This year’s federal budget includes $362 million in new spending commitments toward green jobs and growth up to the end of 2012.

Although there’s no actual budget line dedicated to the cost, clients would be interested to know about tax measures that encourage them to spend on green energy and diversify the country’s energy supply.

The budget proposes to expand the eligibility of certain items in the accelerated capital cost allowance category — Class 43.2 — that allows taxpayers to deduct the cost of certain assets at the rate of 50% a year on a declining balance basis.

Eligible equipment includes a wide variety of clean energy equipment used to produce electricity or thermal energy, such as: high energy cogeneration, wind turbines, fuel cells, photovoltaic equipment, geothermal equipment and waste energy equipment. The budget says that the measures will reduce federal revenue by a “small amount to the end of 2012.”

In terms of cost, by far the greatest weight is in the area of nuclear energy, with a price tag of $255 million in two years for the restructuring of Atomic Energy of Canada Ltd, the federal Crown corporation that includes the Chalk River lab, which produces medical isotopes. The cash covers “anticipated commercial losses” in the corporation throughout the restructuring, but also ongoing costs to build the Advanced CANDU reactor.

The other major item is $50 million from 2010-12 to support research and development in the forestry sector for clean energy technology, mostly to help companies in the industry make their operations more efficient and less polluting.

Smaller budget items include:

• $18.4 million to pay for programs that track environmental benchmarks such as water quality, air quality and greenhouse-gas emissions.

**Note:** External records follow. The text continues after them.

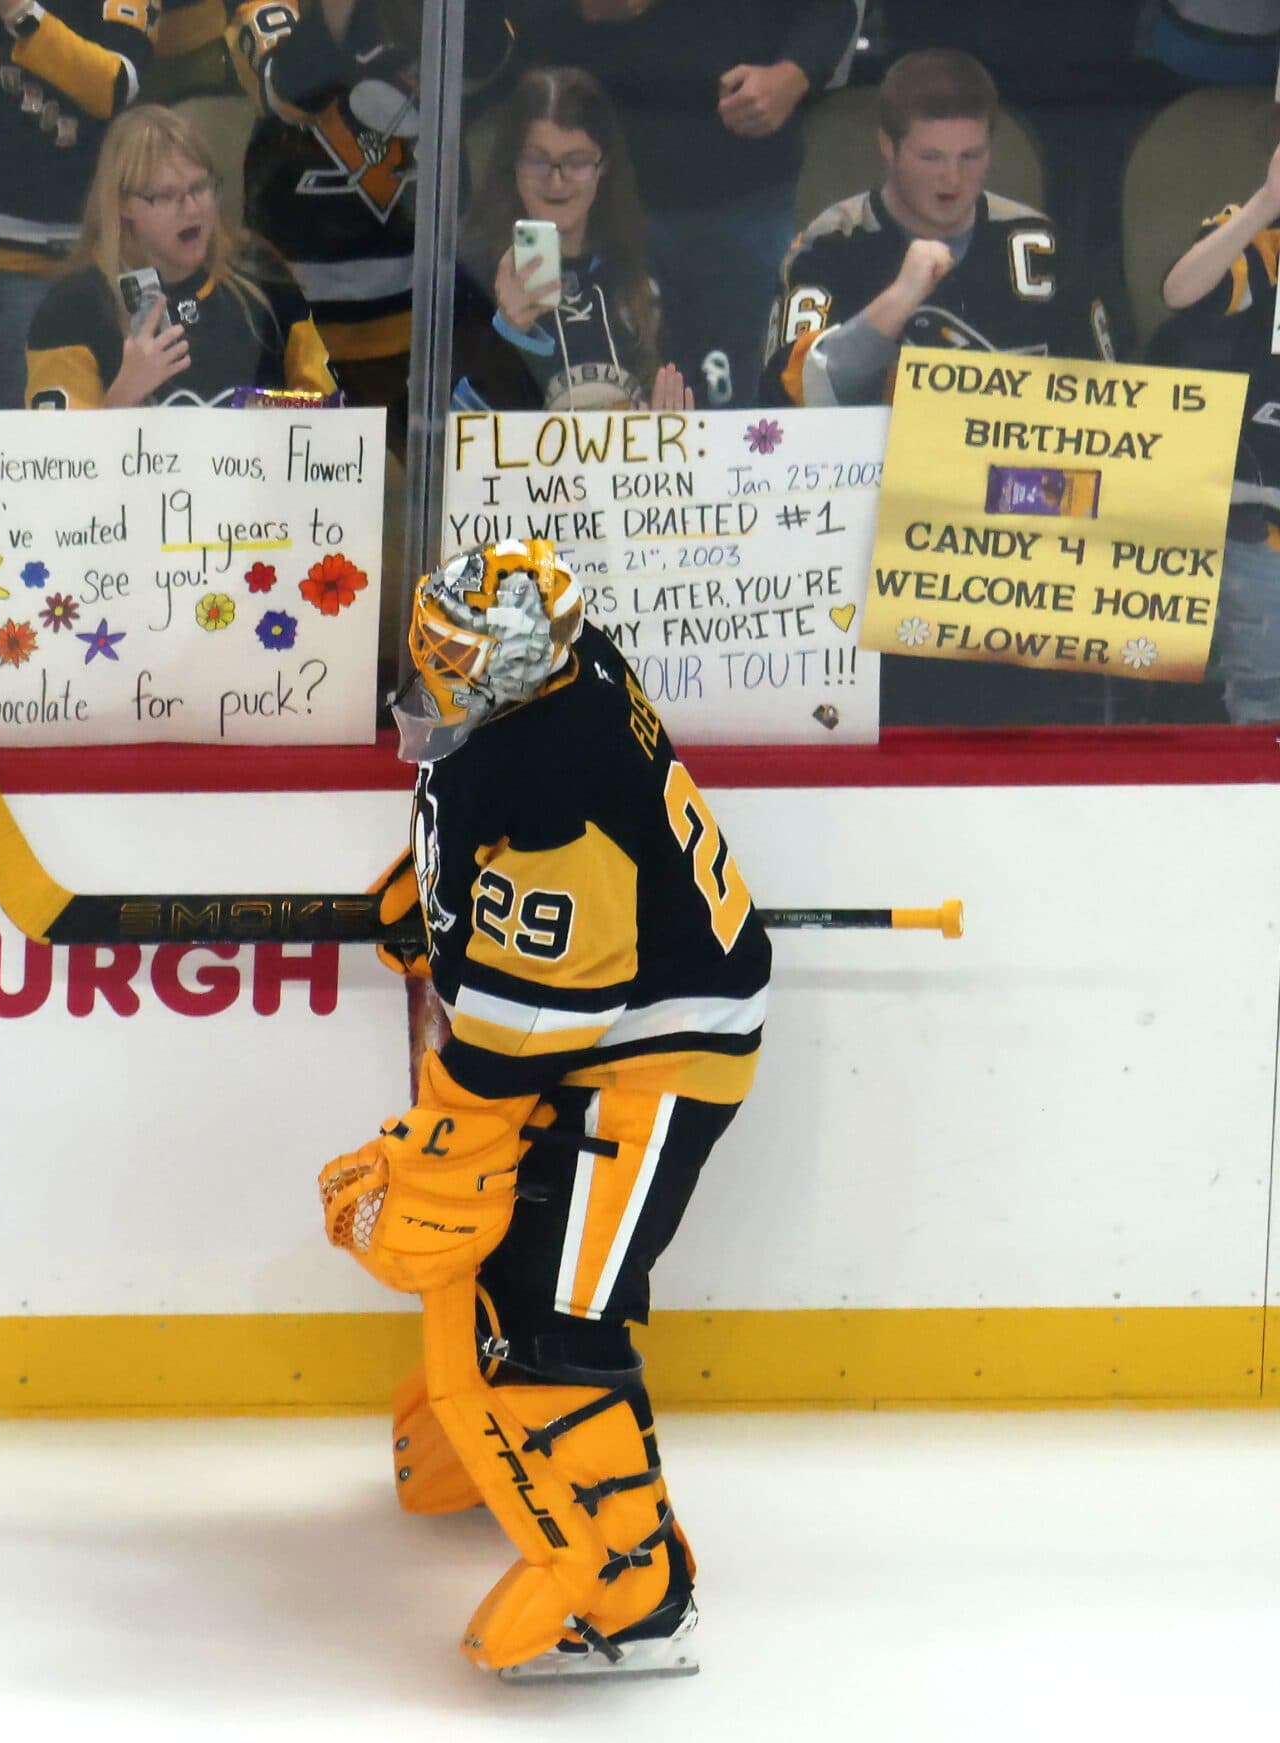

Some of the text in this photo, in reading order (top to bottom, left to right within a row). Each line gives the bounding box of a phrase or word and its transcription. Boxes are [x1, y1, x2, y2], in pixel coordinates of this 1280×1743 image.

[1008, 229, 1055, 299] C
[906, 361, 1206, 412] TODAY IS MY 15
[121, 427, 182, 476] chez
[211, 454, 267, 483] vous,
[287, 425, 364, 484] Flower!
[456, 414, 706, 471] FLOWER:
[964, 418, 1162, 460] BIRTHDAY
[482, 475, 501, 506] I
[526, 475, 587, 504] WAS
[612, 472, 694, 500] BORN
[727, 466, 770, 497] Jan
[55, 505, 127, 545] waited
[161, 490, 192, 545] 19
[216, 518, 290, 574] years
[310, 508, 344, 546] to
[450, 501, 846, 545] YOU WERE DRAFTED #1
[904, 522, 1218, 577] CANDY 4 PUCK
[678, 544, 741, 568] 2003
[148, 547, 210, 632] you!
[735, 566, 843, 604] YOU'RE
[875, 569, 1211, 626] WELCOME HOME
[603, 604, 815, 648] MY FAVORITE
[936, 624, 1110, 663] FLOWER
[131, 669, 184, 720] for
[219, 659, 328, 737] puck?
[664, 759, 752, 955] 2
[120, 900, 373, 936] SMOKE
[475, 867, 575, 962] 29
[400, 1215, 478, 1233] TRUE
[484, 1411, 569, 1549] TRUE
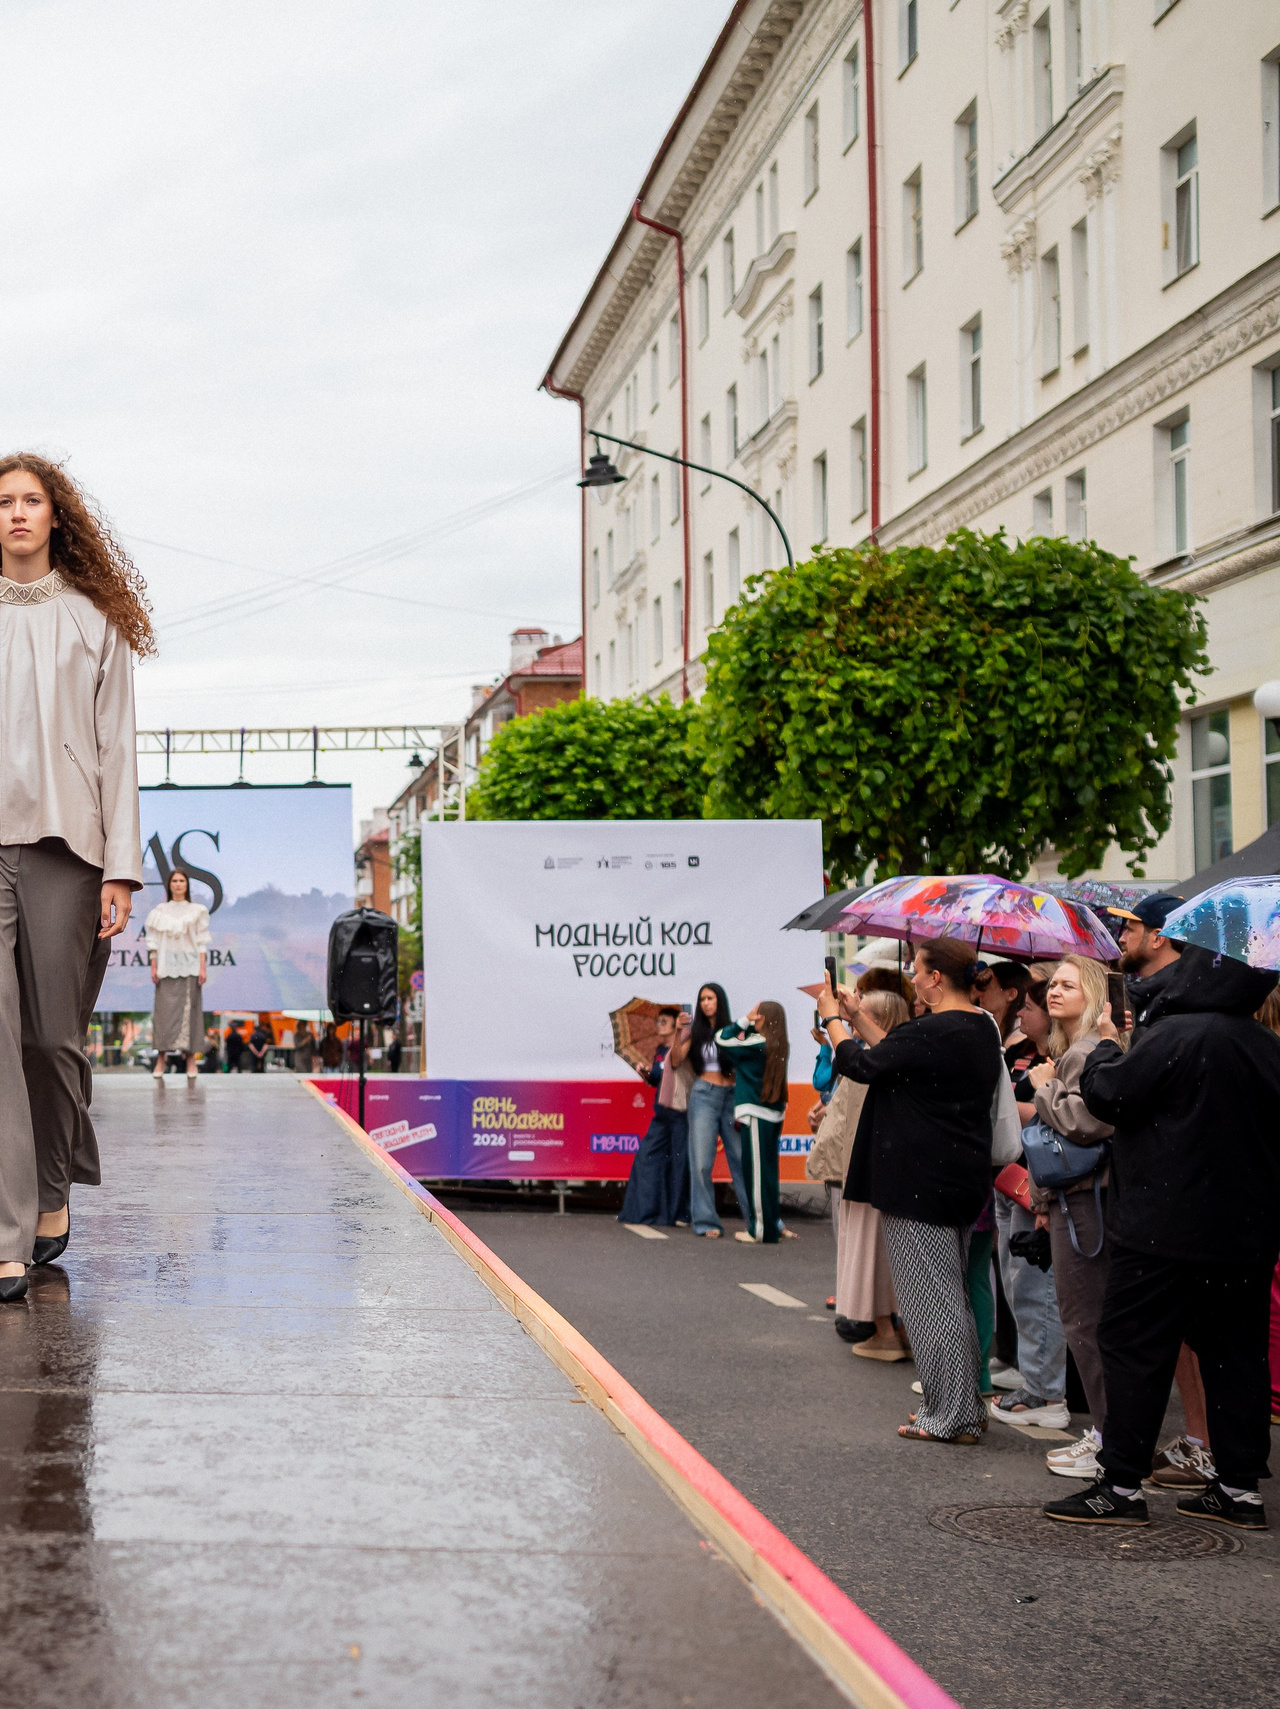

• $8 million per year to 2012 to clean up ecosystems around the Great Lakes, a commitment the government made in the Canada-United States Great Lakes Water Quality Agreement in June 2009 to address pollution, invasive species and climate change.

• $4 million per year to 2012 to support community based environmental monitoring in the North: to collect and interpret data on environmental change and the impact of development through the Northwest Territories Cumulative Impact Monitoring Program and the Nunavut General Monitoring Program.

• About $1.5 a year to 2012 to pay for consultation with Aboriginal Canadians for projects included in the Canadian Environmental Assessment Act.